NEWYORK (Reuters) – The global stocks rally that followed progress on U.S.-China trade relations stalled on Tuesday, pressured by weak manufacturing data from the euro zone and the United States, and as Washington threatened additional tariffs on European goods.

MSCI’s All Country World Index <.MIWD00000PUS>, which tracks stocks in 47 countries, slipped 0.01%. Investors were discouraged by data showing factory activity in the euro zone shrank faster than expected last month and another report showing U.S. manufacturing activity slowed in June.

Also, the U.S. Trade Representative’s office released a list of additional European products that could be subject to tariffs, on top of products worth $21 billion that were announced in April. These included olives, Italian cheese and Scotch whiskey.

Stocks had rallied globally on Monday after the United States postponed imposing more tariffs on Chinese products and the two countries agreed to continue negotiations.

“It’s clear that the tariffs already in place will continue to take a toll on global and domestic growth, and with Trump now turning his attention on Europe, the early bullish bias seems to ease again,” said Konstantinos Anthis, head of research at ADSS.

“The uncertainty about what could still come on trade causes confidence to fall and investors to hold back on their investment, which is a driver in markets today.”

At the same time, investors are looking for positive economic data before they will push stocks higher, said Peter Cardillo, chief market economist at Spartan Capital Securities.

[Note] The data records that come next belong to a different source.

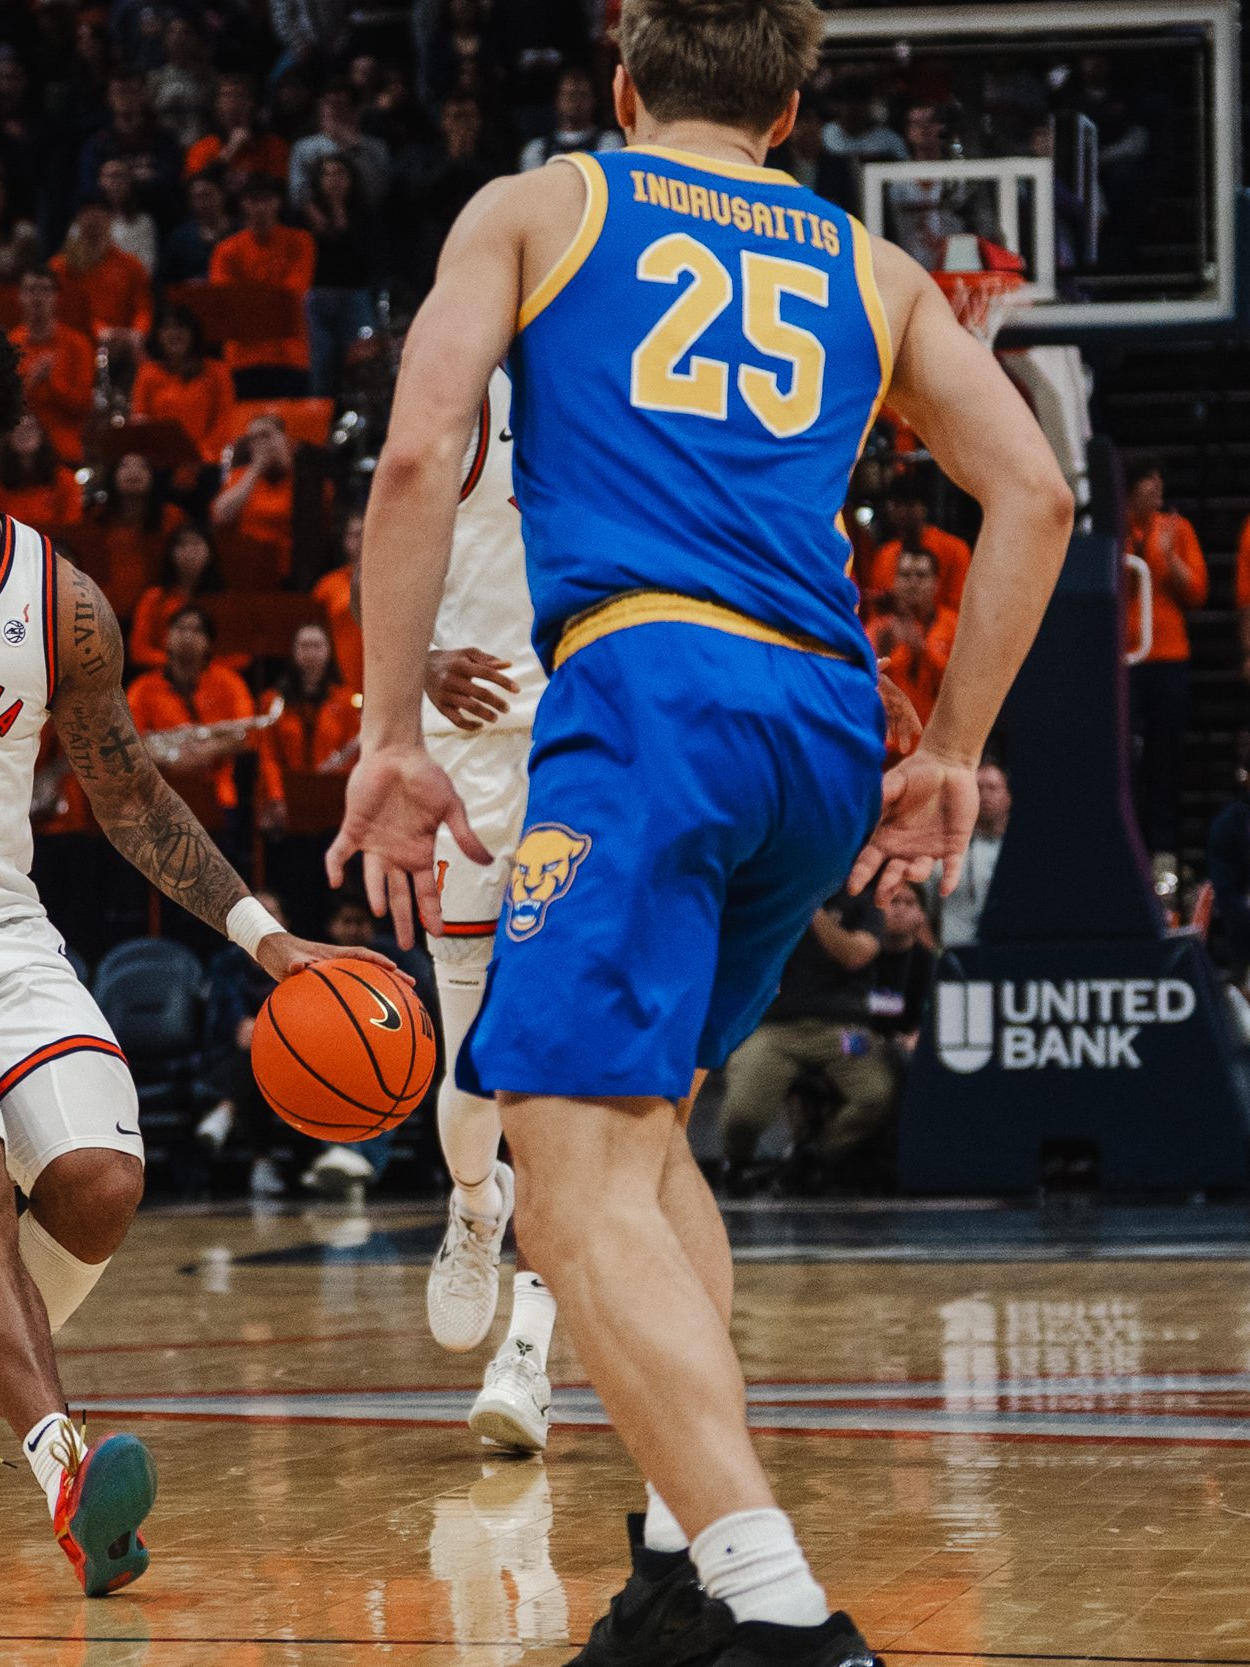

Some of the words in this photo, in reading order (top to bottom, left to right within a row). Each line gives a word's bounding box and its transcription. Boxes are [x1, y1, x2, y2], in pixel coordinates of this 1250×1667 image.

[630, 170, 841, 256] INDRUSAITIS
[630, 232, 829, 438] 25
[1002, 979, 1196, 1023] UNITED
[1003, 1025, 1142, 1069] BANK
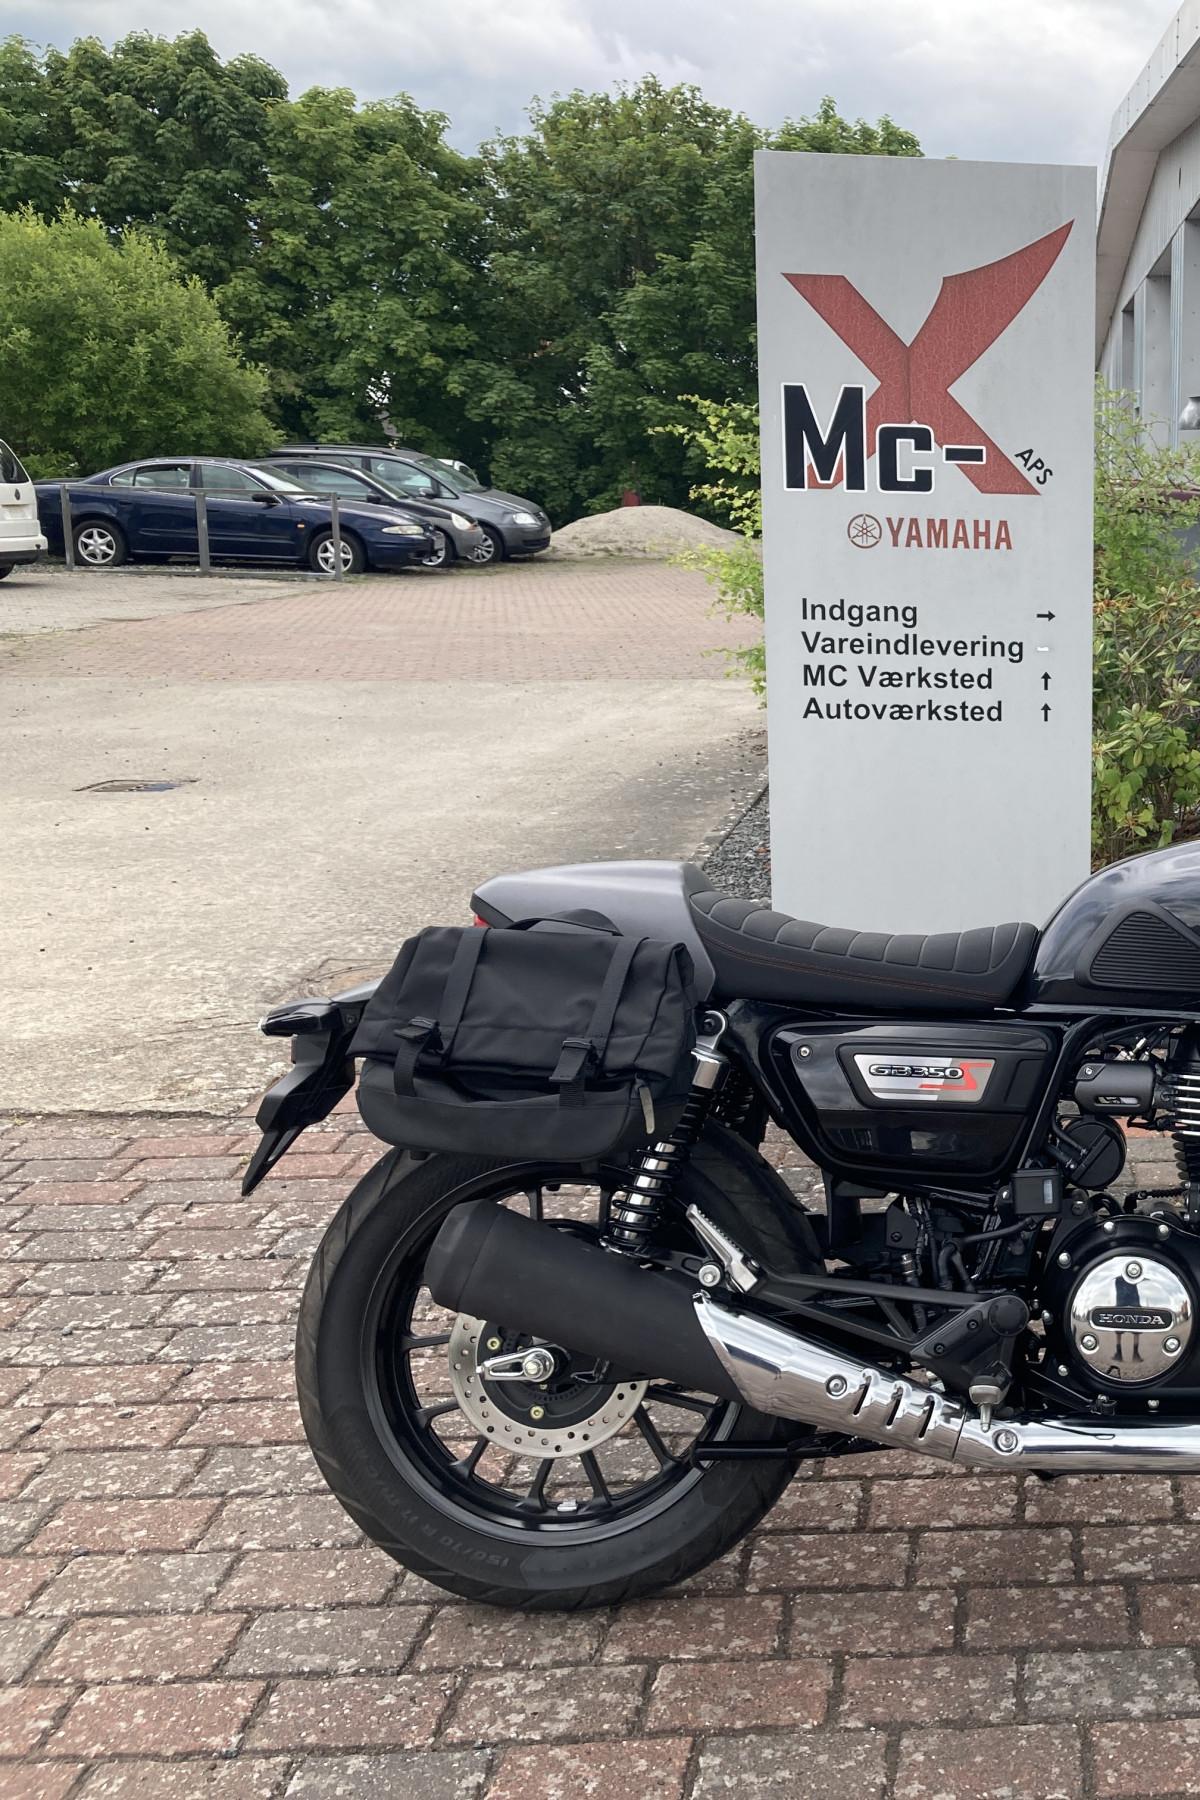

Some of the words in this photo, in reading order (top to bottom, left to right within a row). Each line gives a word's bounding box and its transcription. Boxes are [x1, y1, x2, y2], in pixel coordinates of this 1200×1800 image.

[1014, 448, 1053, 485] APS
[886, 517, 1012, 550] YAMAHA
[802, 598, 917, 628] Indgang
[801, 631, 1023, 663] Vareindlevering
[803, 664, 847, 687] MC
[858, 665, 992, 689] Værksted
[802, 697, 1002, 721] Autoværksted
[1098, 1313, 1165, 1325] HONDA

The U.S. benchmark S&P 500 hit record intra-day highs Monday before paring its gains.

“While the threat of additional tariffs on EU imports is still an overhang for investors, the market is more likely taking a breather until new macro-economic data comes out,”

On Wall Street, the Dow Jones Industrial Average <.DJI> fell 54.81 points, or 0.21%, to 26,662.62, the S&P 500 <.SPX> lost 1.96 points, or 0.07%, to 2,962.37 and the Nasdaq Composite <.IXIC> dropped 13.31 points, or 0.16%, to 8,077.85.

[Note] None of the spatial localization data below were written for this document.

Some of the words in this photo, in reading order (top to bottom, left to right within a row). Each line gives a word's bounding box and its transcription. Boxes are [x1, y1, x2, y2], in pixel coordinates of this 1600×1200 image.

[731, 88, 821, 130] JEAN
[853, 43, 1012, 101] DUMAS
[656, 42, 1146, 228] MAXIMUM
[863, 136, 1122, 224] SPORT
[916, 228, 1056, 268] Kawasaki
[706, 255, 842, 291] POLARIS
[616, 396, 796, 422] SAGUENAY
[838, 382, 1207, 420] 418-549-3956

The pan-European STOXX 600 index rose 0.3% following modest gains in Asian equities.

The dollar index, which tracks the dollar against major rivals <.DXY>, was 0.1% lower at 96.749.

In debt markets, Italian government bonds rallied after Italy cut its 2019 budget deficit target to avoid European Union disciplinary action, potentially easing another major concern for markets.

Benchmark 10-year notes <US10YT=RR> last rose 5/32 in price to yield 2.0153%, from 2.033% late on Monday.

Oil prices slipped as concerns that the global economy could be slowing outweighed an agreement by producer club OPEC on Monday to extend supply cuts until next March.

Brent crude <LCOc1> fell 0.34% to $64.84 per barrel. U.S. crude <CLc1> fell 0.3% to $58.92 a barrel.

(Graphic: Global assets in 2019 –

(Graphic: Global currencies vs. dollar –

(Graphic: Emerging markets in 2019 –

(Graphic: MSCI All Country World Index Market Cap –

(Reporting by David Randall; Editing by David Gregorio)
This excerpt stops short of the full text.